Мойшеле увидел привокзальные часы. Их циферблат весело поблескивал сквозь снеговую завесу. Словно мотылек, привлеченный пламенем, двинулся он ко входу в вокзал. Он вдруг перестал чувствовать вес собственного тела — он не шел, а летел. Улица нырнула под горку. Мойшеле побежал. На мгновение у него перехватило дыхание. «Разве это кому-нибудь можно объяснить, — подумал он, — нет, здесь и психологу не разобраться».
ШАББАТ В ПОРТУГАЛИИ
Когда в нашем издательстве узнали, что по пути во Францию я собираюсь остановиться в Лиссабоне, одна сотрудница сказала:
— Я дам вам телефон Мигела де Албейры. Если вам что-нибудь понадобится, он поможет. — Кстати, — добавила она, — он сам издатель.
Но тогда я и представить себе не мог, что действительно буду нуждаться в помощи. У меня было все, что нужно для путешествия: паспорт, дорожные чеки, заказанный номер в гостинице.
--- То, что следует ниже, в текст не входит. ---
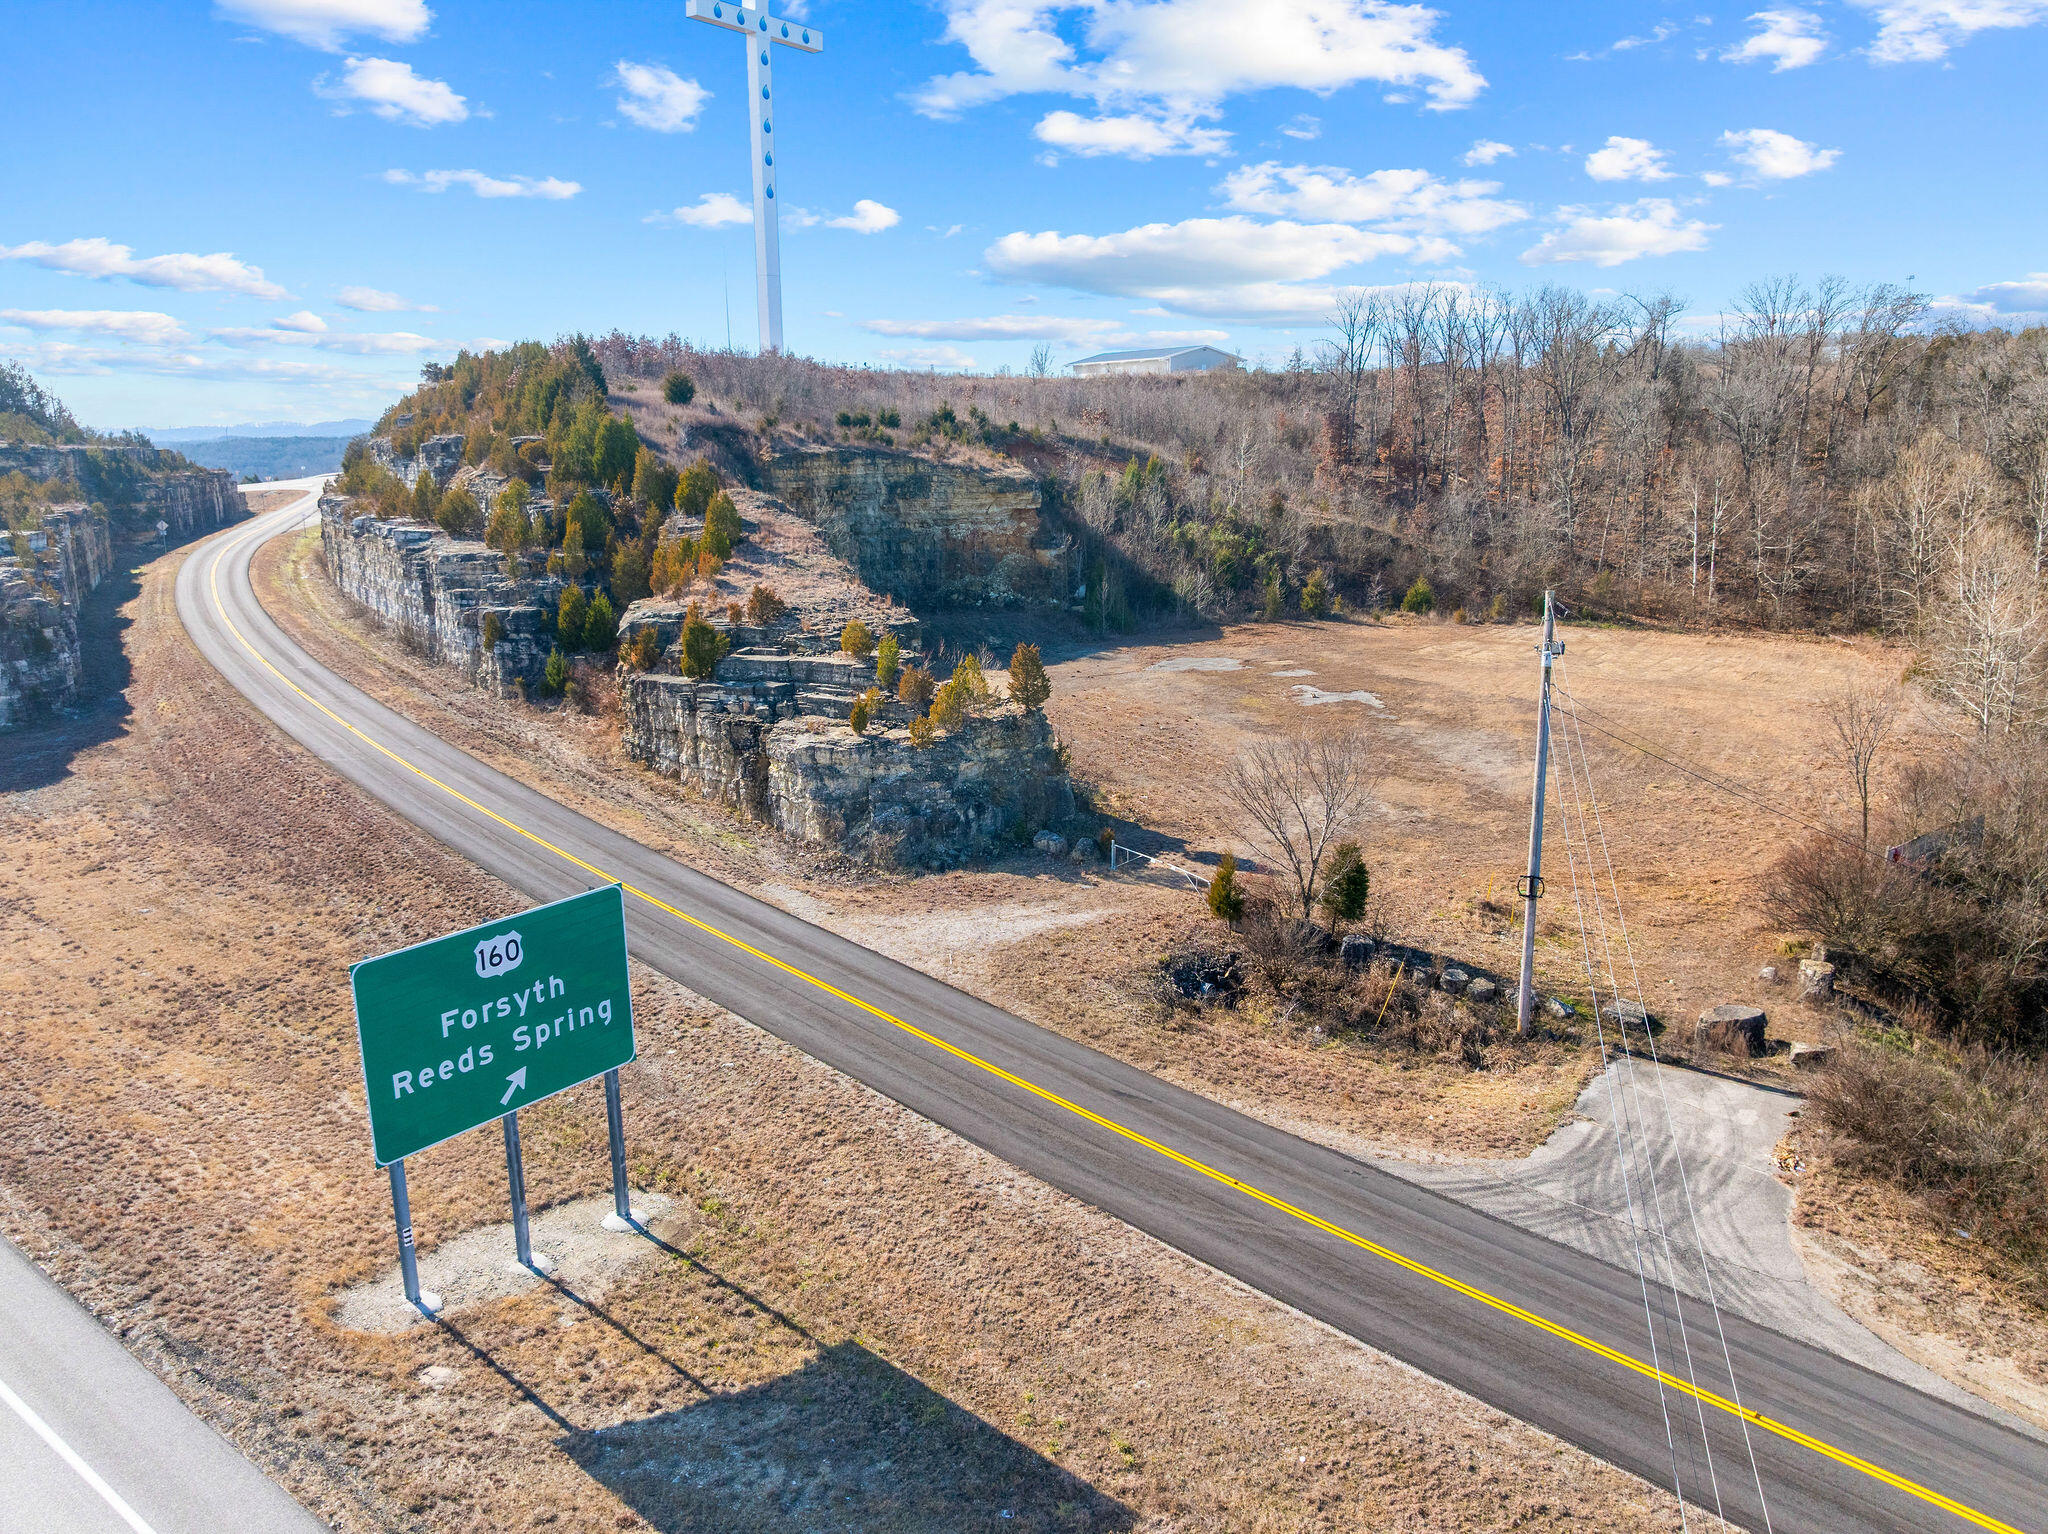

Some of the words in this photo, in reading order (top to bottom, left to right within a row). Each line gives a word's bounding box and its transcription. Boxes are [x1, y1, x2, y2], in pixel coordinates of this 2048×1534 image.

Тем не менее редактор записала имя и телефон в мою записную книжку, и без того исписанную разными телефонами и адресами, больше половины которых уже не вызывали у меня никаких ассоциаций.
Во вторник вечером в первых числах июня корабль, на котором я плыл, причалил в Лиссабонском порту, и такси доставило меня в гостиницу «Аполлон». В фойе было полным-полно моих соотечественников из Нью-Йорка и Бруклина. Их жены с крашеными волосами и густым макияжем курили, играли в карты, хохотали и болтали без умолку, причем все одновременно. Их дочери в мини-юбках образовали свои собственные кружки Мужчины изучали финансовые полосы «Интернешнл гералд трибьюн». «Да, — подумал я, — это мой народ. Если Мессии благоугодно будет прийти сегодня, ему придется прийти к ним — больше просто не к кому».
На маленьком лифте я поднялся на самый верхний этаж в свой номер — неярко освещенный, просторный, с каменным полом и старинной кроватью с высокой резной спинкой. Открыв окно, я увидел черепичные крыши и ярко-оранжевую луну. Удивительно — где-то неподалеку запел петух. Боже, сколько лет я не слышал петушиного крика! Это кукареканье лишний раз напомнило мне, что я в Европе, где старина и современность как-то уживаются вместе. Стоя у открытого окна, я услышал запах ветра, почти забытый за долгие годы пребывания в Америке. Пахнуло свежестью полей, Варшавой, Билгораем, еще чем-то неопределимым. Казалось, что тишина звенит, и непонятно было, то ли этот звон доносится откуда-то извне, то ли просто звенит в ушах. Мне показалось, что я различаю кваканье лягушек и стрекот кузнечиков.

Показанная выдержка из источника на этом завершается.